Les sentiments magnifiés dans leur caractère brut, il y a également la douceur, la sensibilité, la bienveillance et la tolérance qui exsudent des pages. À Vaivre, aussi bien dans les mythes que dans le quotidien, les couples homosexuels sont égaux à ceux hétérosexuels. Des femmes occupent des postes de fonction haut placés, la Princesse Savannah ressemble à la Diane chasseresse de la mythologie grecque, des hommes sont androgynes et s’abandonnent à la mélancolie et à la rêverie plutôt que de gouverner… Voilà un ensemble hétéroclite, naturel et très plaisant que l’on découvre dans les pages de Diamants, tel un prisme reflétant les mouvements modernes.
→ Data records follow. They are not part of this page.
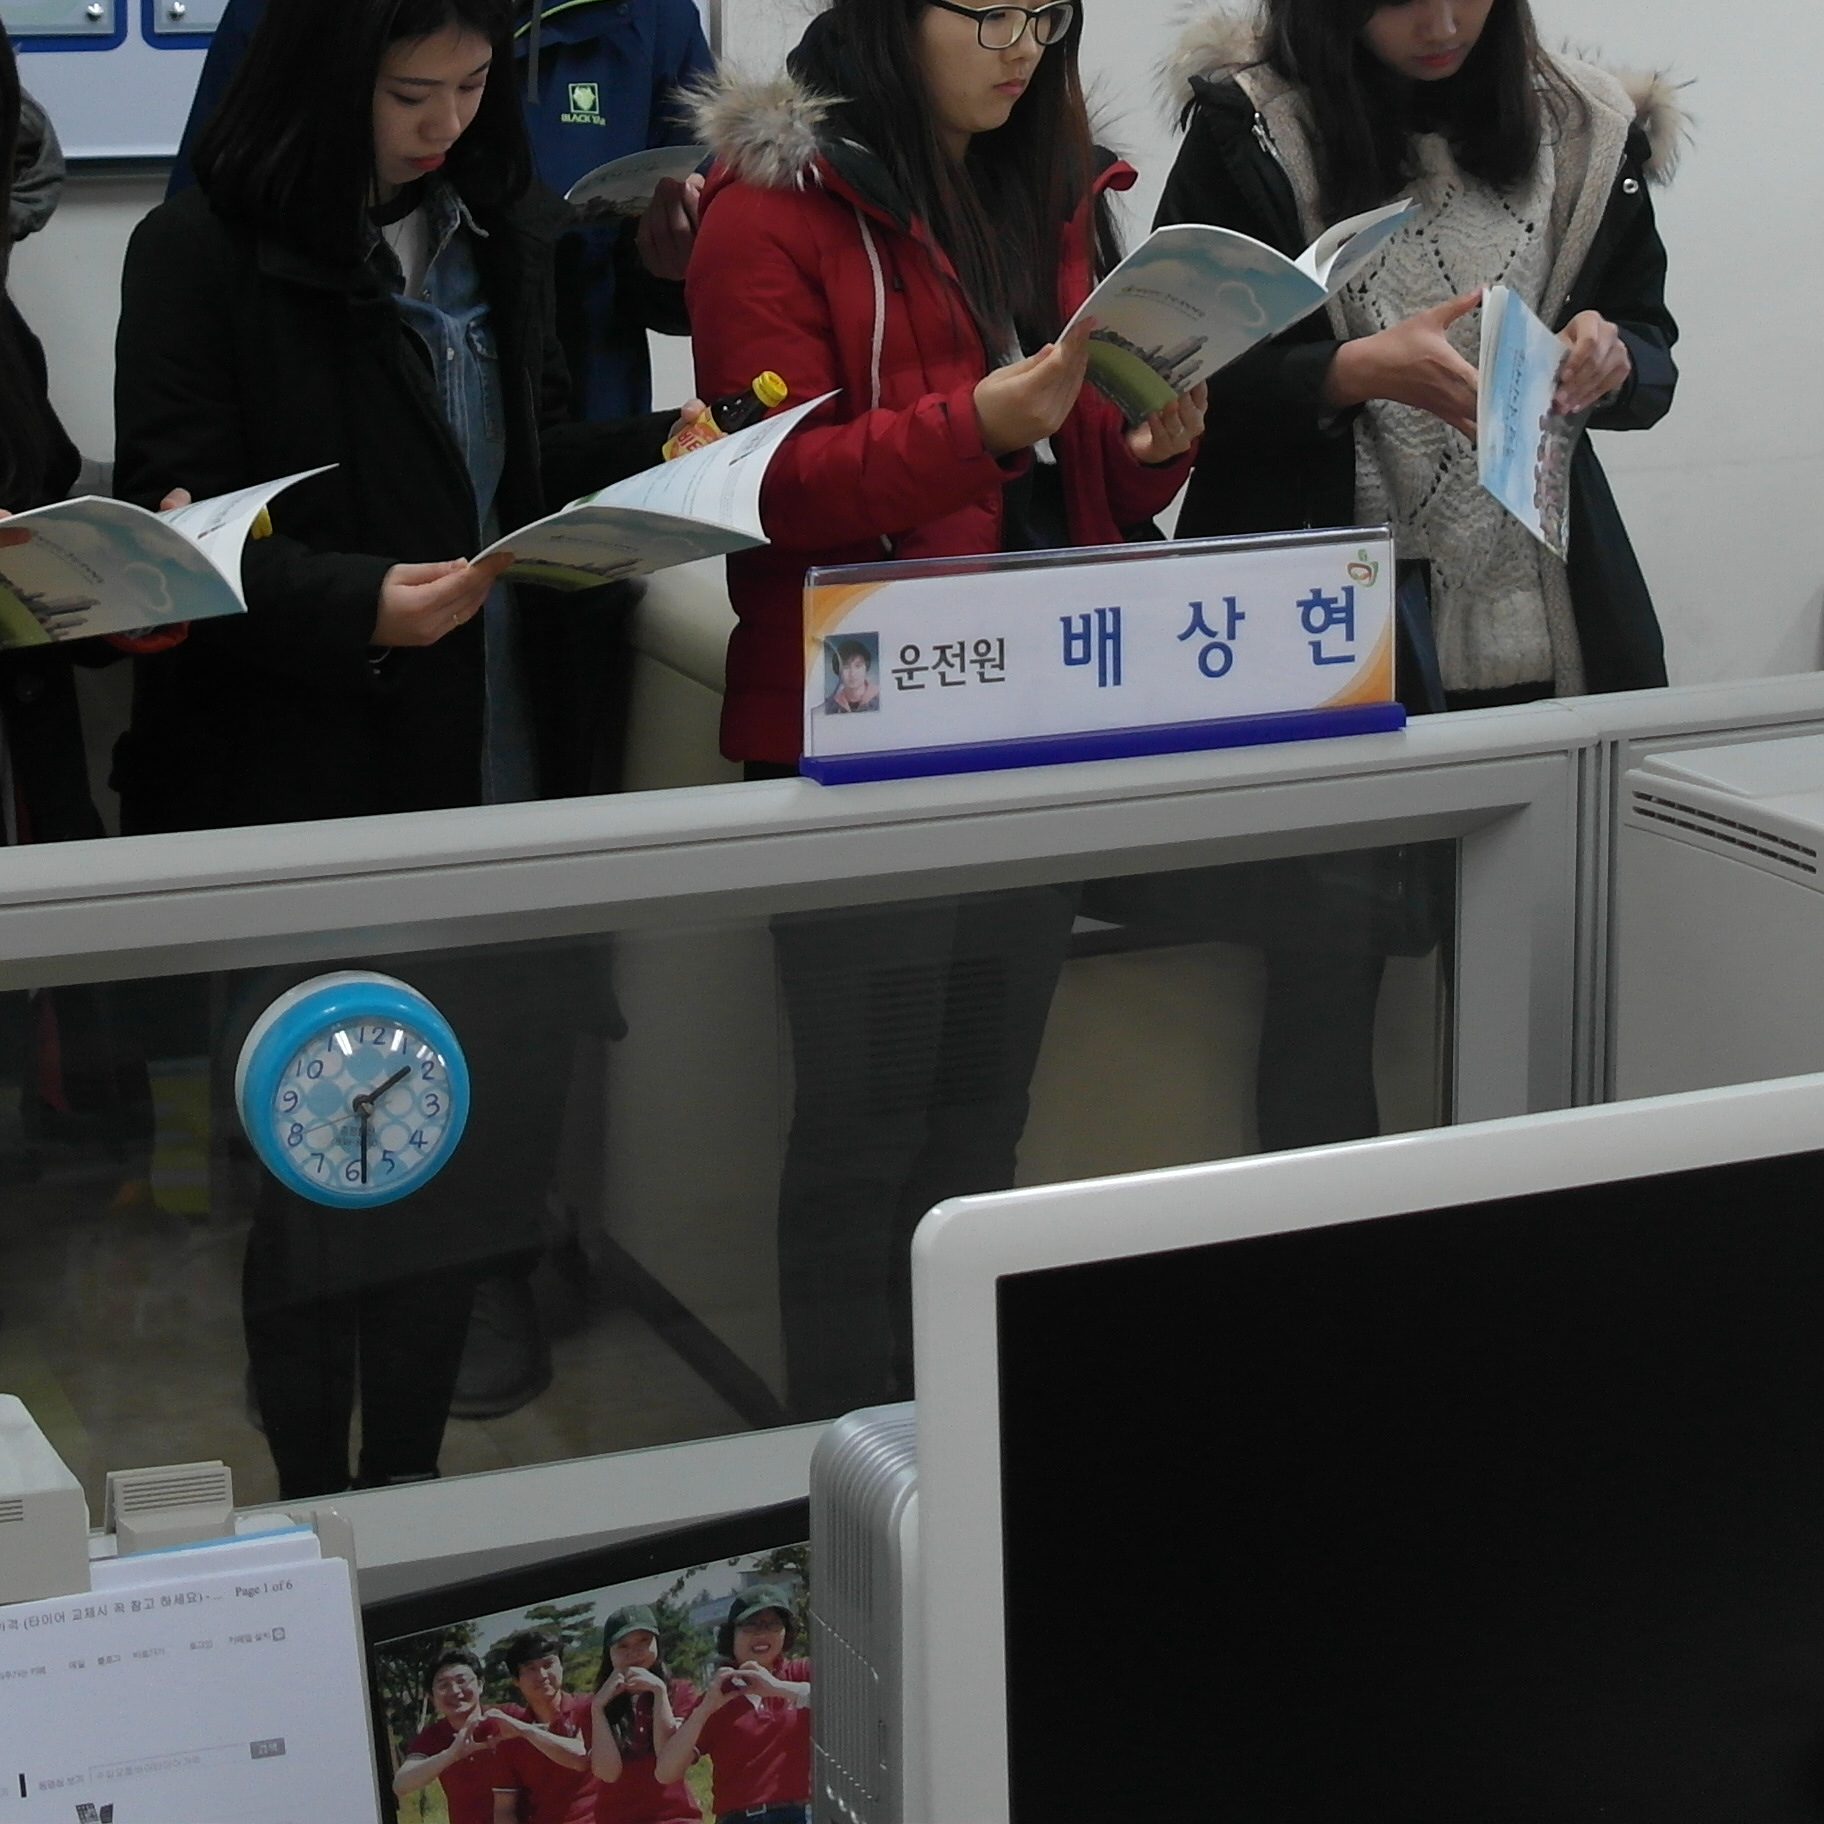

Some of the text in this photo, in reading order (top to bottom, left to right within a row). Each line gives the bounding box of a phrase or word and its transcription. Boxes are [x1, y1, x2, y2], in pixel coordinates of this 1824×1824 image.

[890, 636, 1007, 692] 운전원
[359, 1027, 385, 1045] 12
[295, 1056, 324, 1079] 10
[421, 1061, 435, 1080] 2
[282, 1090, 299, 1113] 9
[425, 1094, 440, 1118] 3
[287, 1123, 303, 1146] 8
[409, 1130, 428, 1148] 4
[310, 1153, 325, 1173] 7
[345, 1159, 360, 1181] 6
[381, 1150, 395, 1174] 5
[234, 1580, 294, 1598] Page 1 of 6
Lumière et ténèbres, vide et destruction, oubli et chaos. La lumière, lénifiante, de L’Or Ailé que va-t-elle apporter au final ? Alors qu’un nouveau pan de l’Histoire s’écrit, les mémoires et ce que l’on croit savoir du passé, des mythes, sont remis en question. Pour autant, le chaos comme la lumière paraissent conduire à une forme d’obscurantisme… Ambigu, ni bon ni mauvais, tel est L’Or Ailé. Mystérieux et lumineux, impossible et pourtant là de chair et d’os alors que les hommes se déchirent pour briller et détruire.
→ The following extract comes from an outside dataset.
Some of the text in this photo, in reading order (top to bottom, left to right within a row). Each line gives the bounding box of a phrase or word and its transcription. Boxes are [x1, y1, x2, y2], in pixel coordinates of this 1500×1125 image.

Dans ce maelstrom de personnages, de décors, toute la magie de Vincent opère également à travers sa plume, avec son style reconnaissable parmi mille, son écriture sensorielle, sensible, douce et vibrante, convoquant le symbolisme. Les odeurs, les textures, les couleurs, les sensations, les sons (même l’absence de son) : tout se goûte, se touche, se (res)sent… Les couleurs sont poudroiements et scintillements ou miasmes, les regards et les gestes sont caressants, intimes, ils nous font nous-aussi trembler, les fleurs nous enchantent de leurs teintes, de leurs parfums, des légendes auxquelles elles sont parfois rattachées. Les lumières, du ciel, des bijoux, des diamants, des étoffes, des fleurs, de L’Or Ailé, des Brumes, des gemmes : elles nous émerveillent, nous fascinent, nous effraient, nous repoussent, elles glissent et chatoient sur nous comme sur le visage des protagonistes ; elles nous réchauffent ou nous gèlent. Les sensations provoquées à nos cinq sens nous montrent toute la pureté et le caractère brut de la nature, de la nature humaine ou autre. Nous en sommes percutés, hallucinés comme Savannah oubliant son nom au milieu du combat. Tout cela pour qu’à la fin, tout comme le passage de L’Or Ailé, demeure l’étrange et pourtant prégnante marque d’un rêve. Un merveilleux rêve qui nous marquera pour toujours.
En bref : précieux condensé du meilleur de Vincent Tassy, Diamants offre une fresque aux accents de fantasy et de gothique qui ne pourra que déposer sur vous l’empreinte d’un merveilleux songe. Vibrante de douceur et de magie, son écriture sensible et sensorielle nous entraine au cœur de sentiments et émotions bruts. Dans le vertige Vincent nous conduit, et dans le vertige il nous laisse. Criblés de toute part, entre lumière et ténèbres, nous aussi maintenant voyons le monde à travers un prisme. Les diamants sont souverains et il ne reste plus qu’à vous de vous plonger à votre tour dans la splendeur hallucinante de Diamants pour en saisir la signification ; au-delà des mots, au-delà de l’amour : la lumière, berçante, scintillante, éblouissante et vertigineuse.